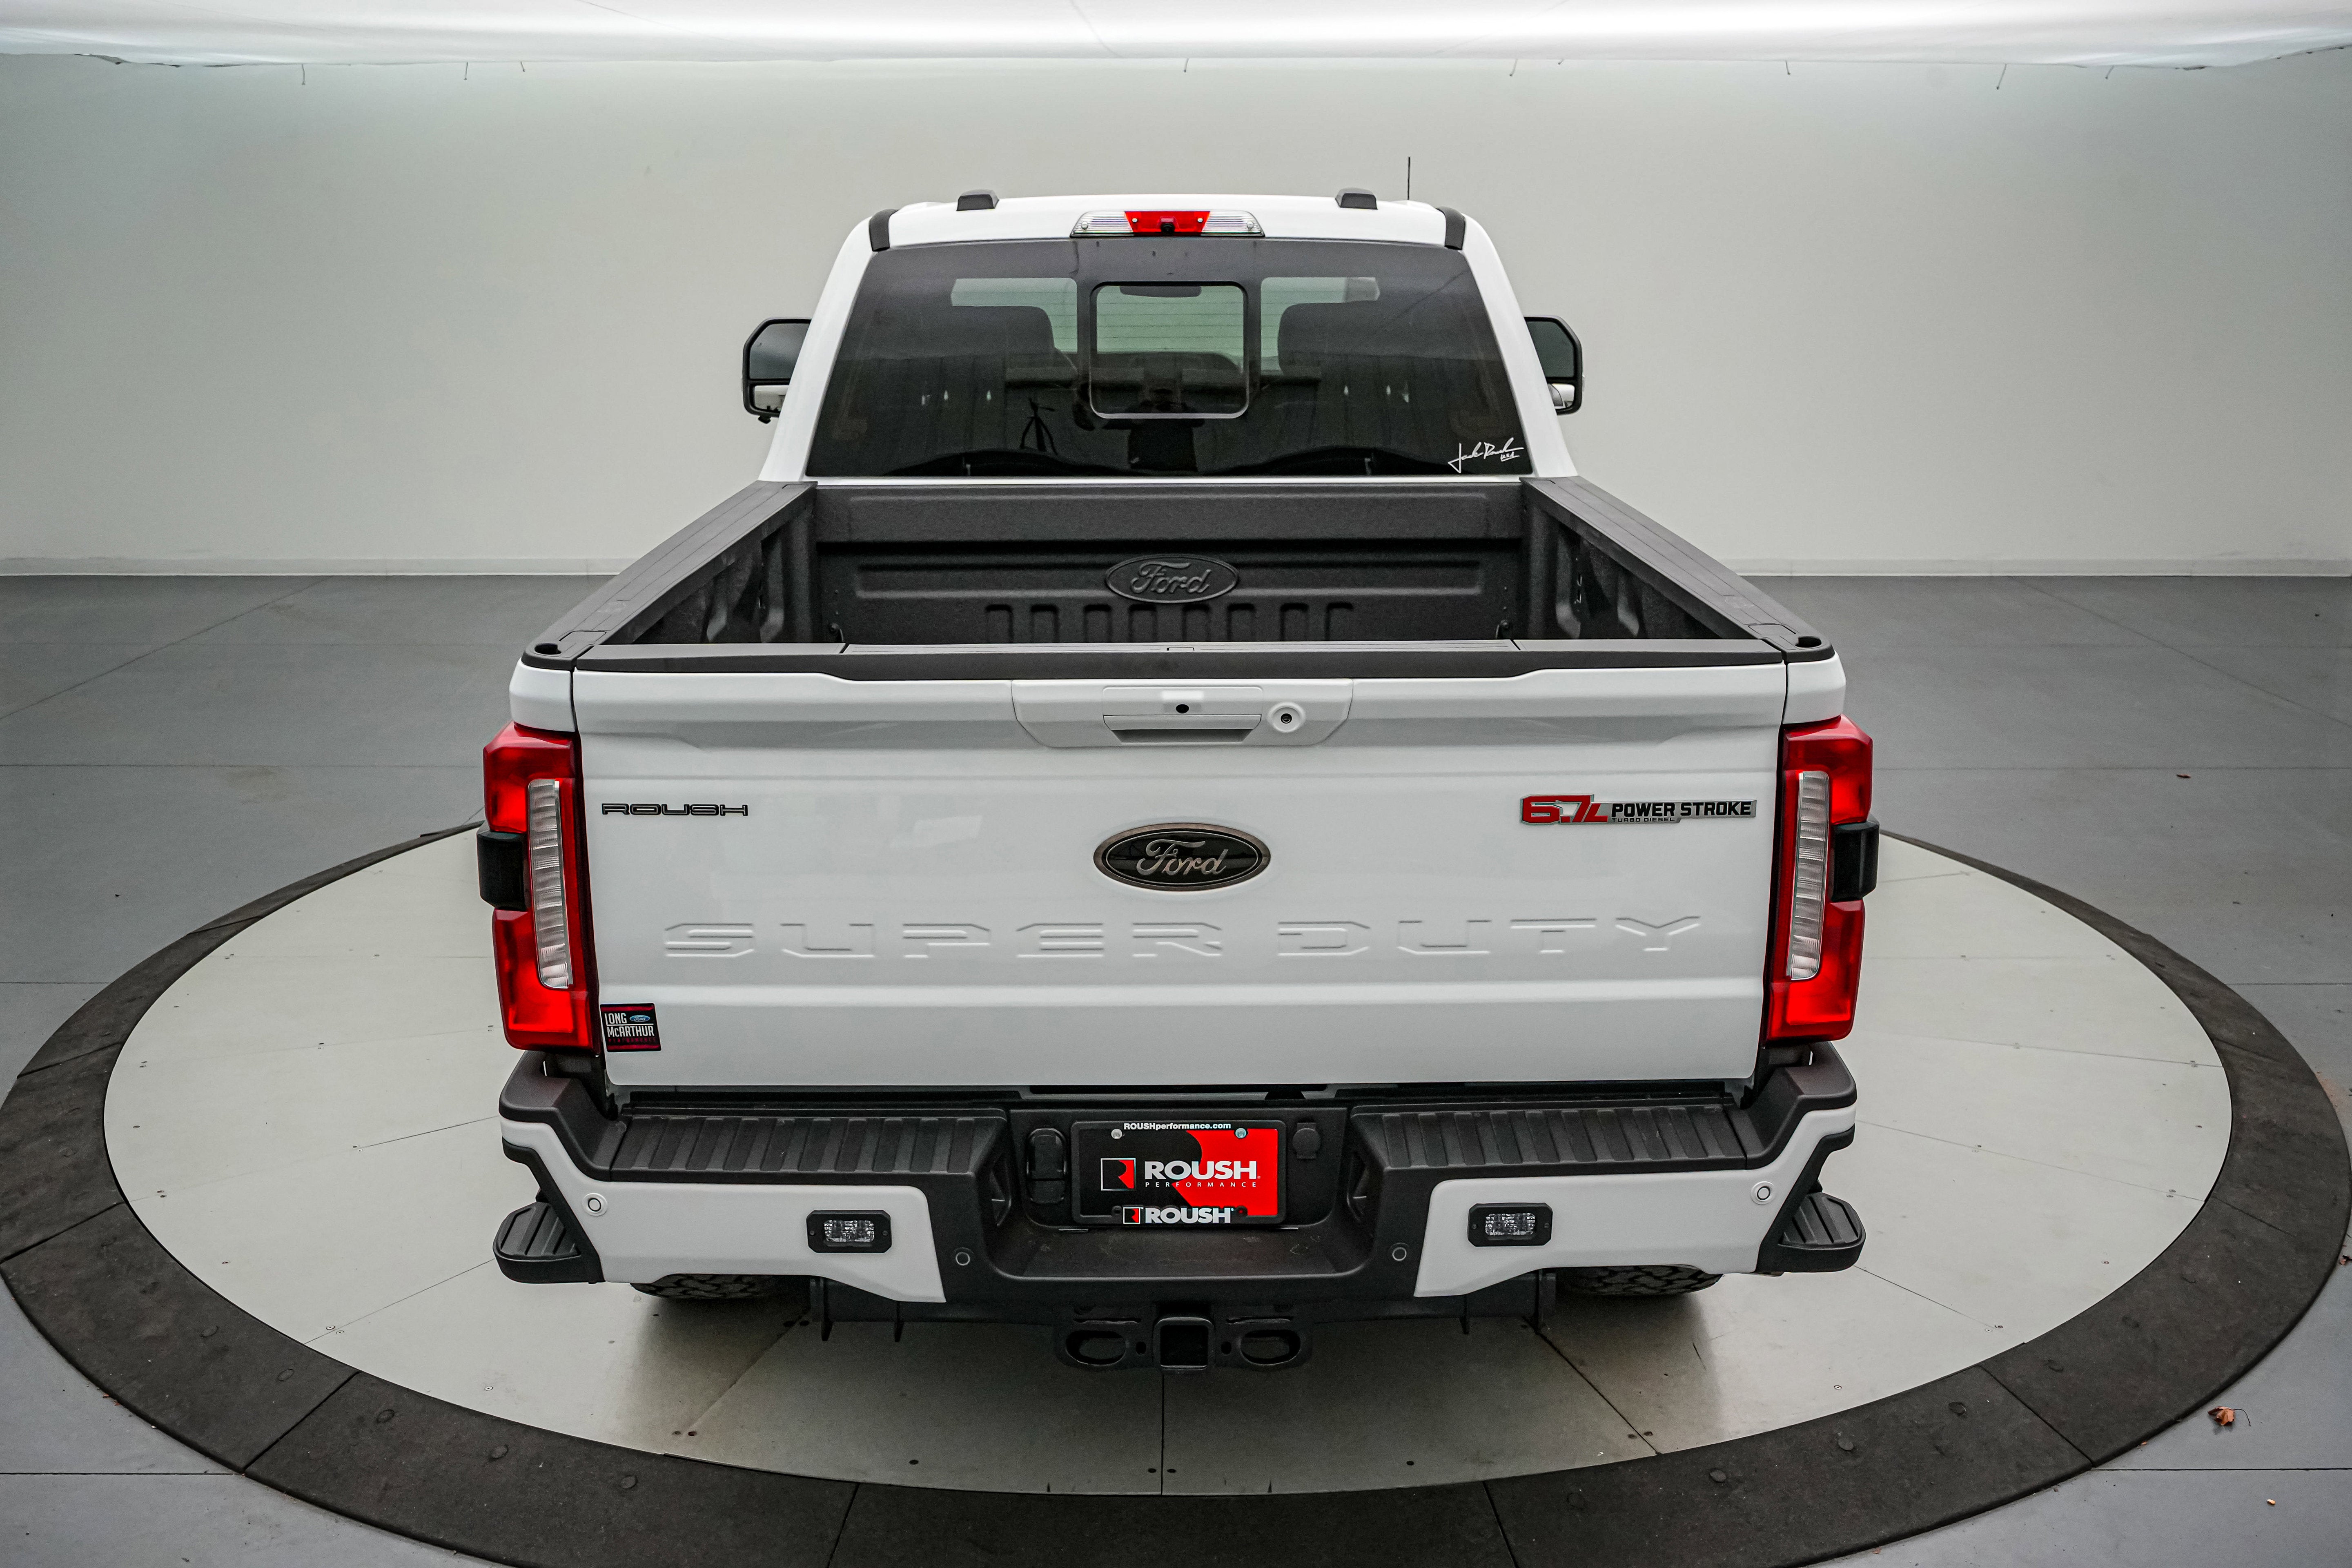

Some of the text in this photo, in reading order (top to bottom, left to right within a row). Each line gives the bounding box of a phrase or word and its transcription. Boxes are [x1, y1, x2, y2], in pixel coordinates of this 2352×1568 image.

[1130, 560, 1212, 594] Ford
[601, 803, 748, 816] ROUSH
[1612, 803, 1675, 817] POWER
[1680, 801, 1751, 816] STROKE
[1136, 839, 1228, 876] Ford
[664, 915, 1700, 958] SUPER DUTY
[604, 1013, 627, 1025] LONG
[607, 1025, 655, 1037] McARTHUR
[1124, 1123, 1231, 1131] ROUSHperformance.com
[1144, 1160, 1257, 1180] ROUSH
[1145, 1207, 1231, 1224] ROUSH
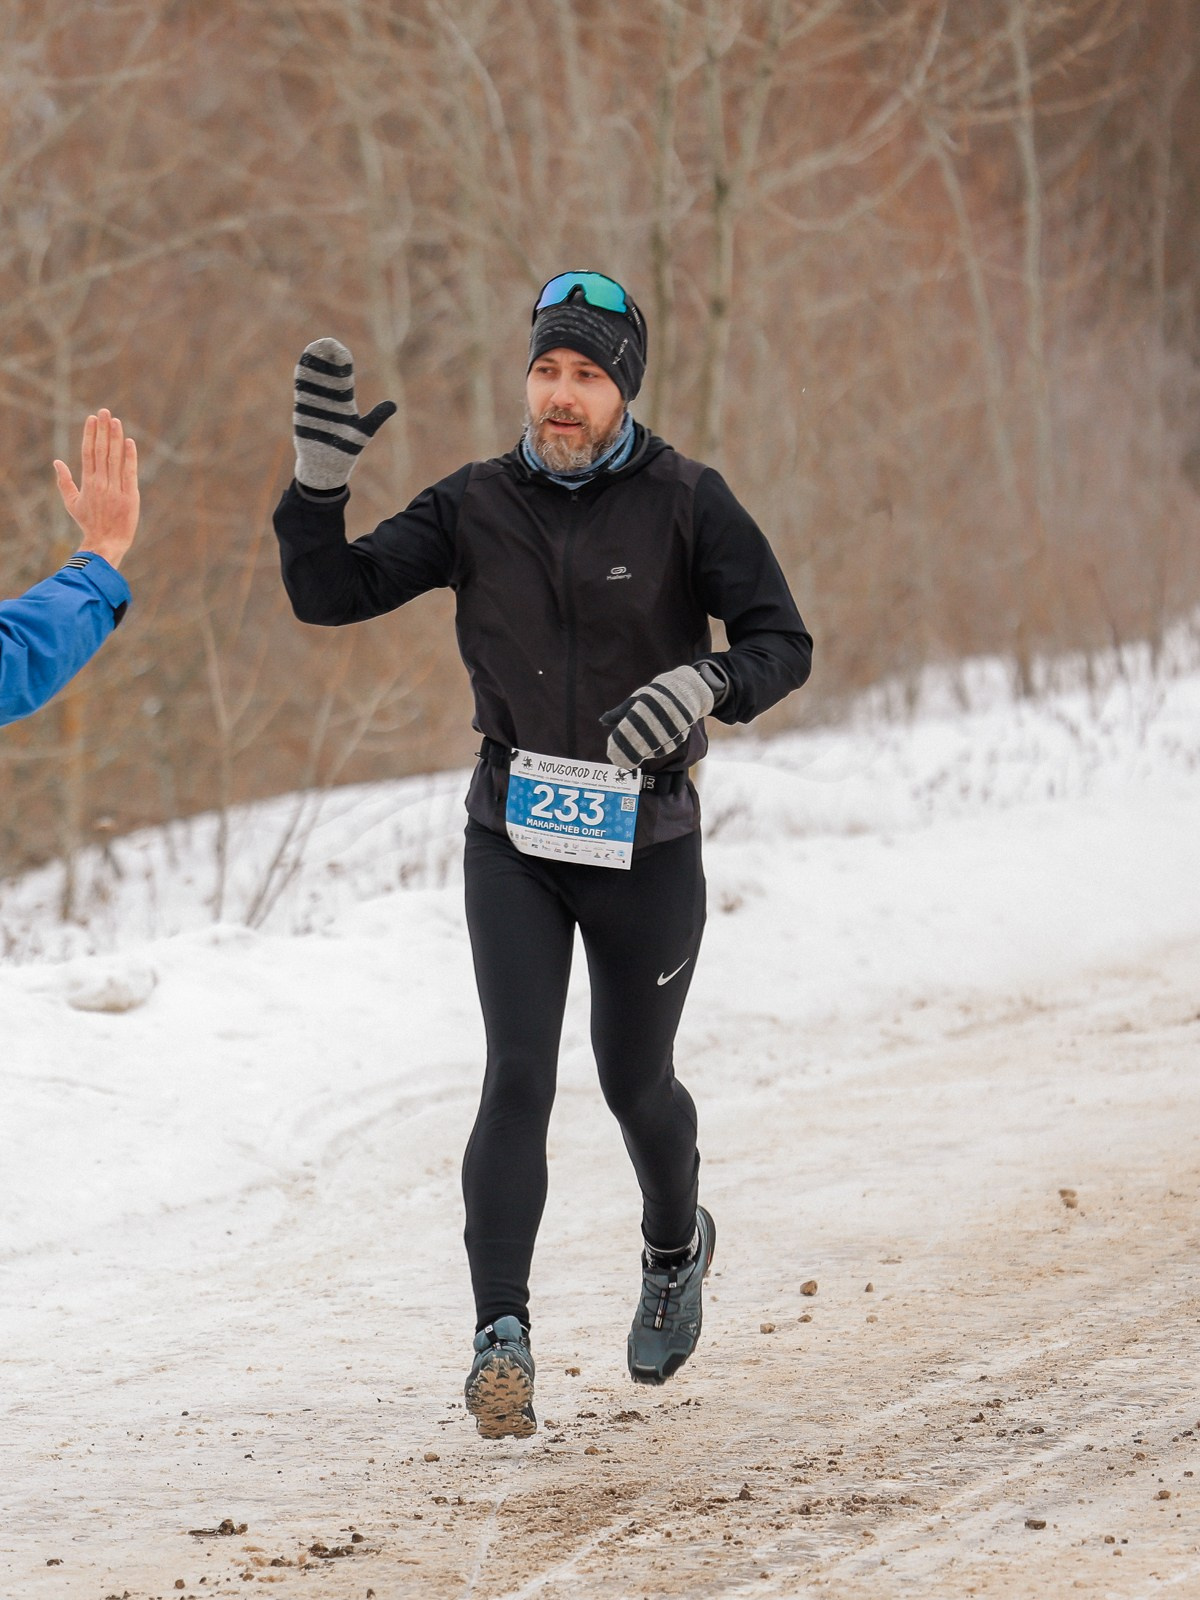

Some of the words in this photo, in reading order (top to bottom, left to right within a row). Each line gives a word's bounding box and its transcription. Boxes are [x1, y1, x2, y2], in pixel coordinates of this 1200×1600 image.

**YOUR INSTRUCTIONS**:
Copy out the listing word for word and skip its pictures.

**ANSWER AREA**:
Some of the text in this photo, in reading order (top to bottom, left to right within a row). Each line gives the bounding box of a phrase or word and its transcription. Boxes are [x1, y1, x2, y2], in pixel coordinates of this 2352×1568 image.

[1130, 560, 1212, 594] Ford
[601, 803, 748, 816] ROUSH
[1612, 803, 1675, 817] POWER
[1680, 801, 1751, 816] STROKE
[1136, 839, 1228, 876] Ford
[664, 915, 1700, 958] SUPER DUTY
[604, 1013, 627, 1025] LONG
[607, 1025, 655, 1037] McARTHUR
[1124, 1123, 1231, 1131] ROUSHperformance.com
[1144, 1160, 1257, 1180] ROUSH
[1145, 1207, 1231, 1224] ROUSH

Some of the words in this photo, in reading order (top to bottom, left to right within a row). Each line gives a word's bounding box and its transcription. Boxes are [x1, y1, x2, y2], in pixel coordinates of this 1200×1600 image.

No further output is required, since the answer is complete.